*** Opening Records to use ***

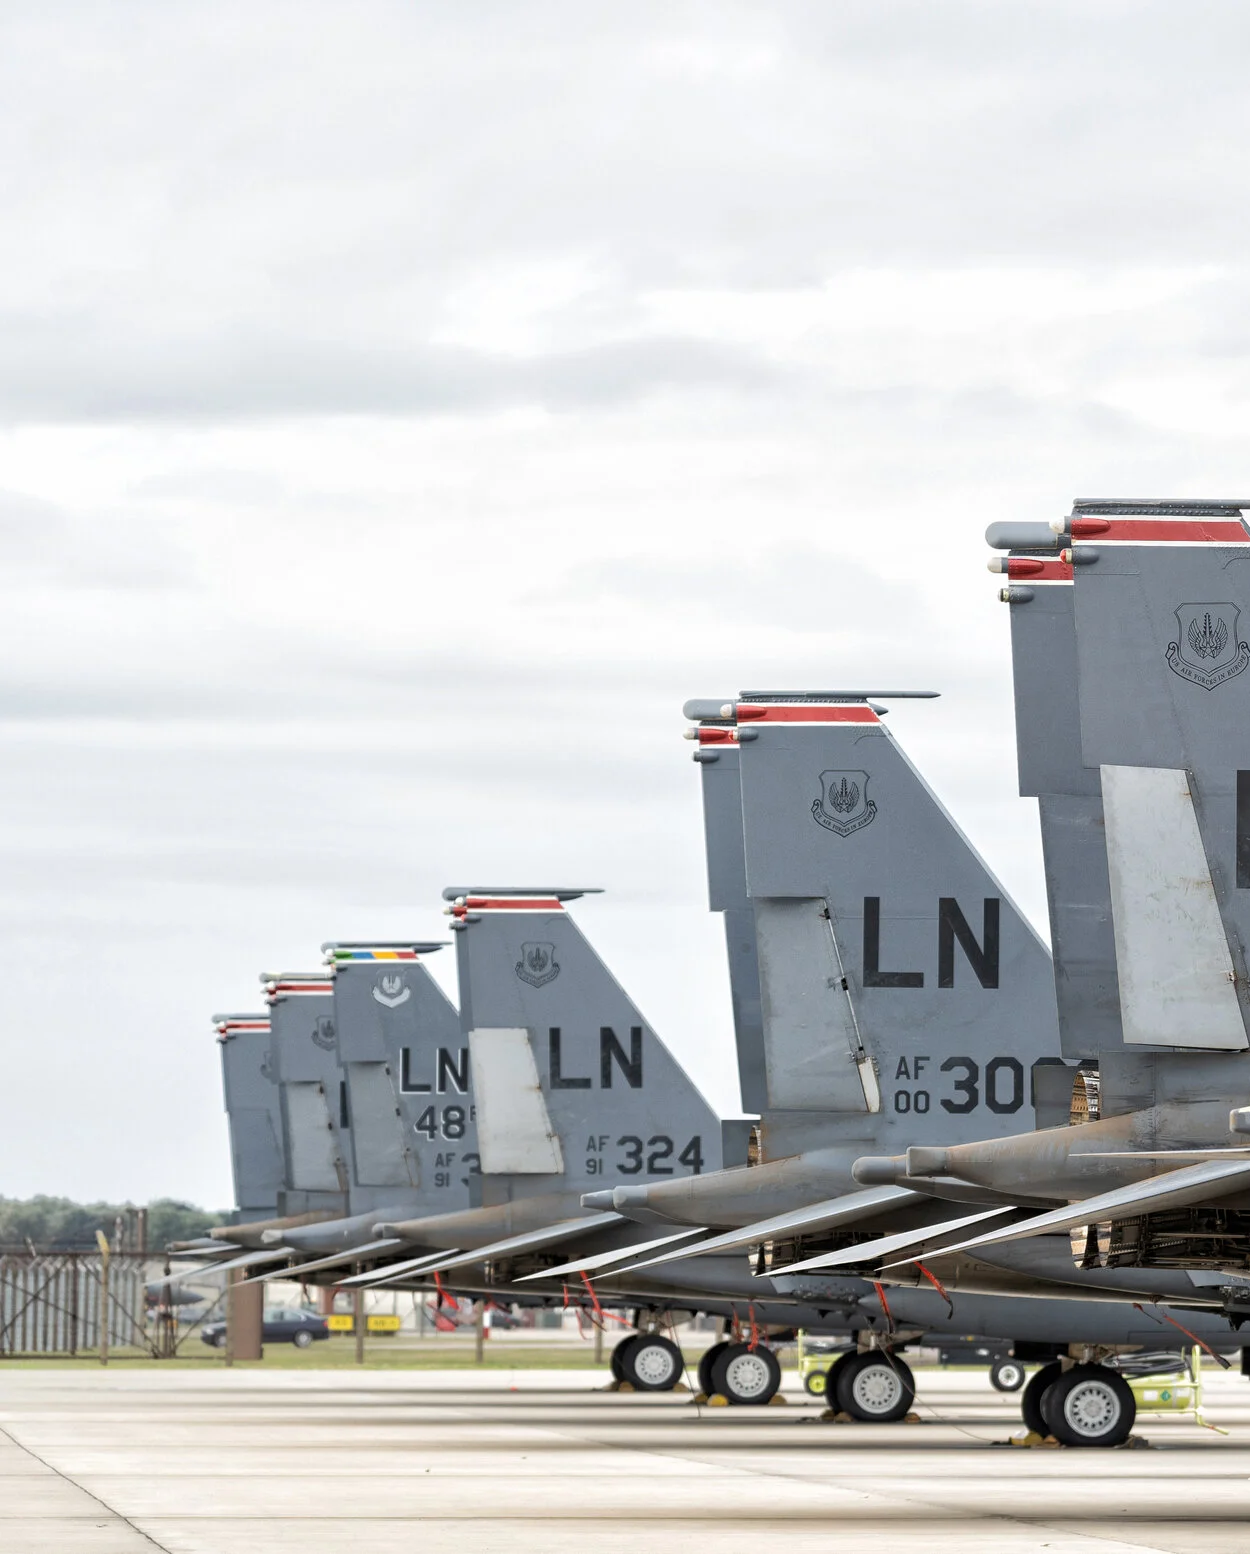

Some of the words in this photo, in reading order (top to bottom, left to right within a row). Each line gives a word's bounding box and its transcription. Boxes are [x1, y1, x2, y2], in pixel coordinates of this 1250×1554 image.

[1180, 667, 1193, 677] AIR
[1194, 673, 1218, 686] FORCES
[1227, 654, 1247, 675] EUROPE
[863, 897, 1000, 989] LN
[400, 1047, 469, 1094] LN
[549, 1027, 643, 1089] LN
[895, 1056, 930, 1081] AF
[895, 1090, 930, 1114] 00
[414, 1105, 465, 1141] 48
[586, 1136, 610, 1152] AF
[617, 1136, 705, 1175] 324
[435, 1153, 456, 1168] AF
[586, 1159, 603, 1176] 91
[435, 1172, 450, 1188] 91
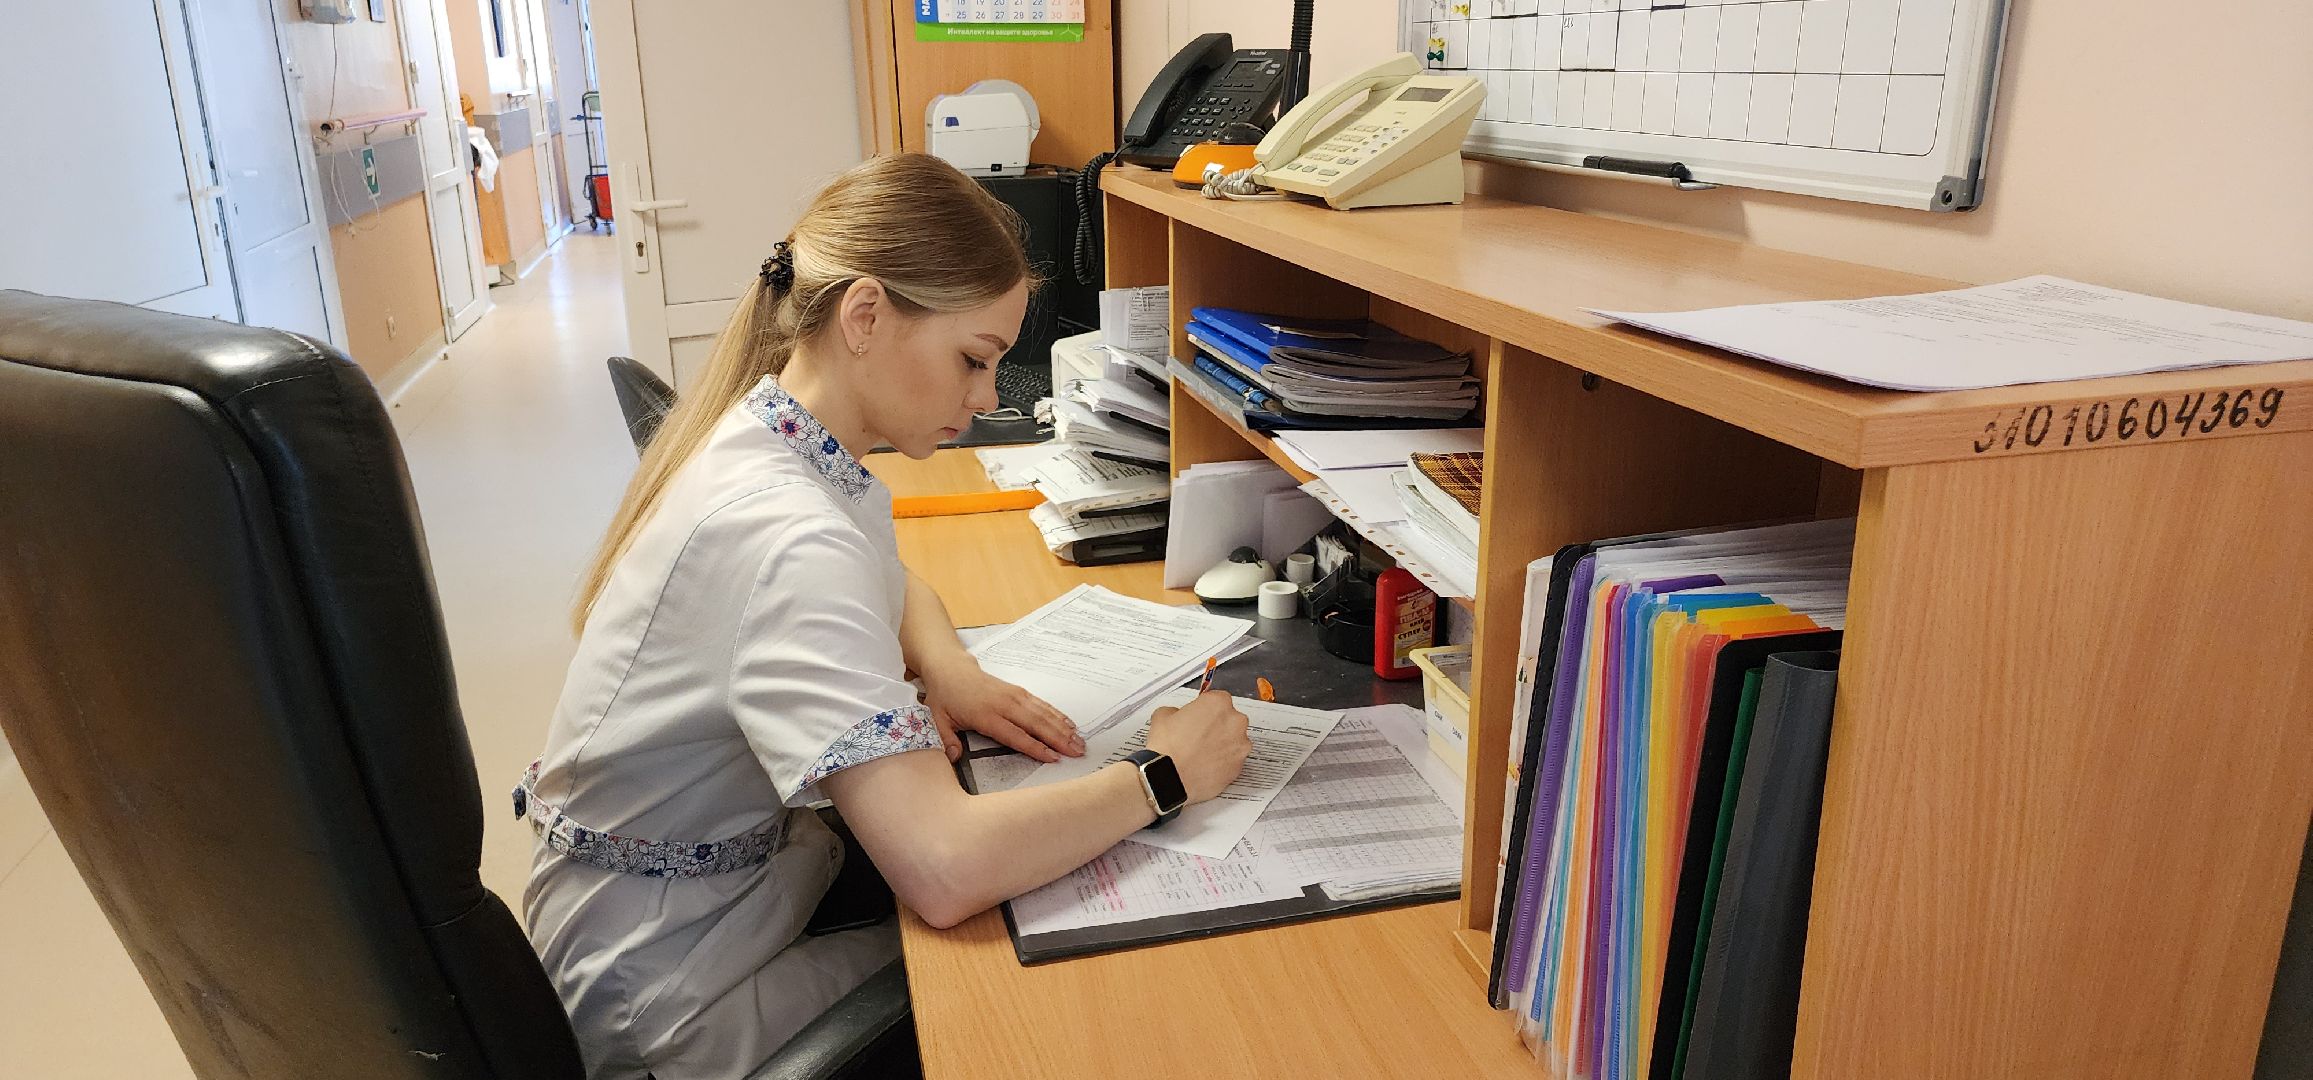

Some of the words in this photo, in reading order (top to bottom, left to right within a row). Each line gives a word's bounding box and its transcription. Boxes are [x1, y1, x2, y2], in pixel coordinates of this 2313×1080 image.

[956, 11, 967, 19] 25
[975, 11, 986, 19] 26
[995, 11, 1005, 19] 27
[1013, 11, 1024, 19] 28
[1032, 11, 1043, 19] 29
[1051, 11, 1062, 19] 30
[1071, 11, 1080, 19] 31
[947, 28, 985, 36] Интеллект
[995, 29, 1021, 37] защите
[1022, 29, 1053, 37] здоровья

*** Closing Records to use ***

- **What to produce**
Please reproduce the listing word for word, but only from the line that contains "this 2313×1080 image." to its last line, inclusive.

- **Exercise solution**
Some of the words in this photo, in reading order (top to bottom, left to right within a row). Each line gives a word's bounding box and its transcription. Boxes are [x1, y1, x2, y2], in pixel coordinates of this 2313×1080 image.

[956, 11, 967, 19] 25
[975, 11, 986, 19] 26
[995, 11, 1005, 19] 27
[1013, 11, 1024, 19] 28
[1032, 11, 1043, 19] 29
[1051, 11, 1062, 19] 30
[1071, 11, 1080, 19] 31
[947, 28, 985, 36] Интеллект
[995, 29, 1021, 37] защите
[1022, 29, 1053, 37] здоровья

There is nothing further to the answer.